┌──

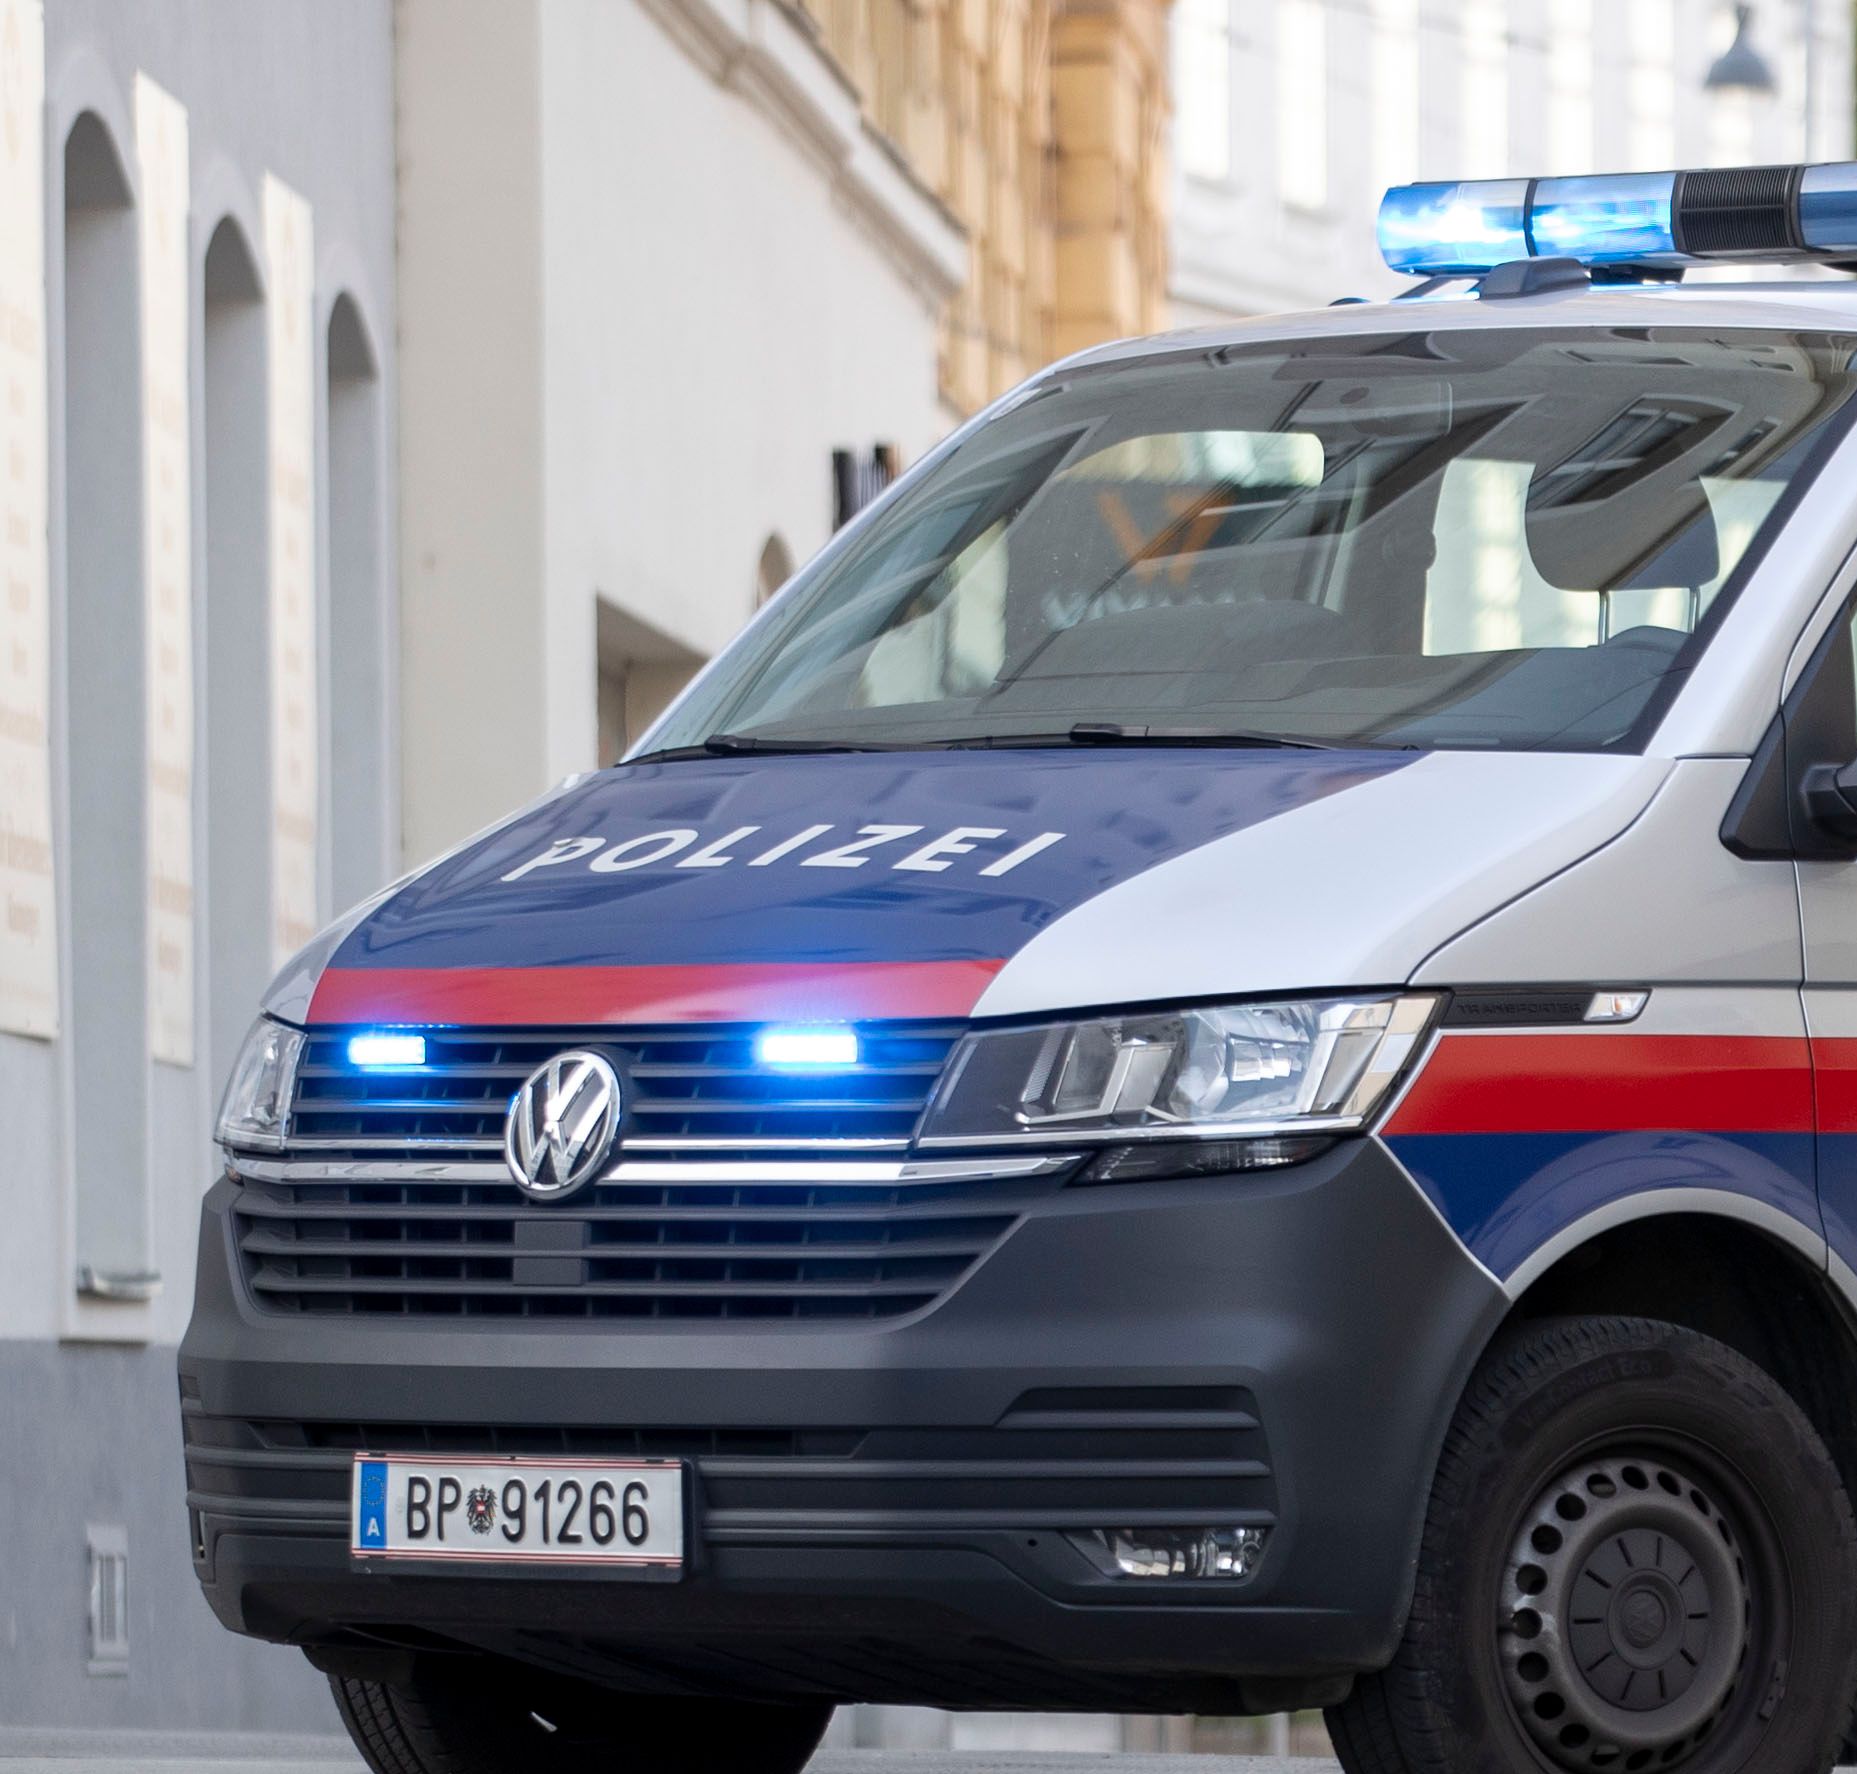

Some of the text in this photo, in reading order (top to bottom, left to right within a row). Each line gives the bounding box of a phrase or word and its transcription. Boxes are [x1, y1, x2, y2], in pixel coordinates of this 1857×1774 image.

[501, 824, 1067, 882] POLIZEI
[1456, 1002, 1583, 1016] TRANSPORTER
[366, 1517, 380, 1537] A
[406, 1476, 650, 1547] BP 91266

└──

Transcribe each entry exactly, pictures excluded.

> [Task result]
Some of the text in this photo, in reading order (top to bottom, left to right within a row). Each line gives the bounding box of a phrase or word and its transcription. Boxes are [x1, y1, x2, y2], in pixel coordinates of this 1857×1774 image.

[501, 824, 1067, 882] POLIZEI
[1456, 1002, 1583, 1016] TRANSPORTER
[366, 1517, 380, 1537] A
[406, 1476, 650, 1547] BP 91266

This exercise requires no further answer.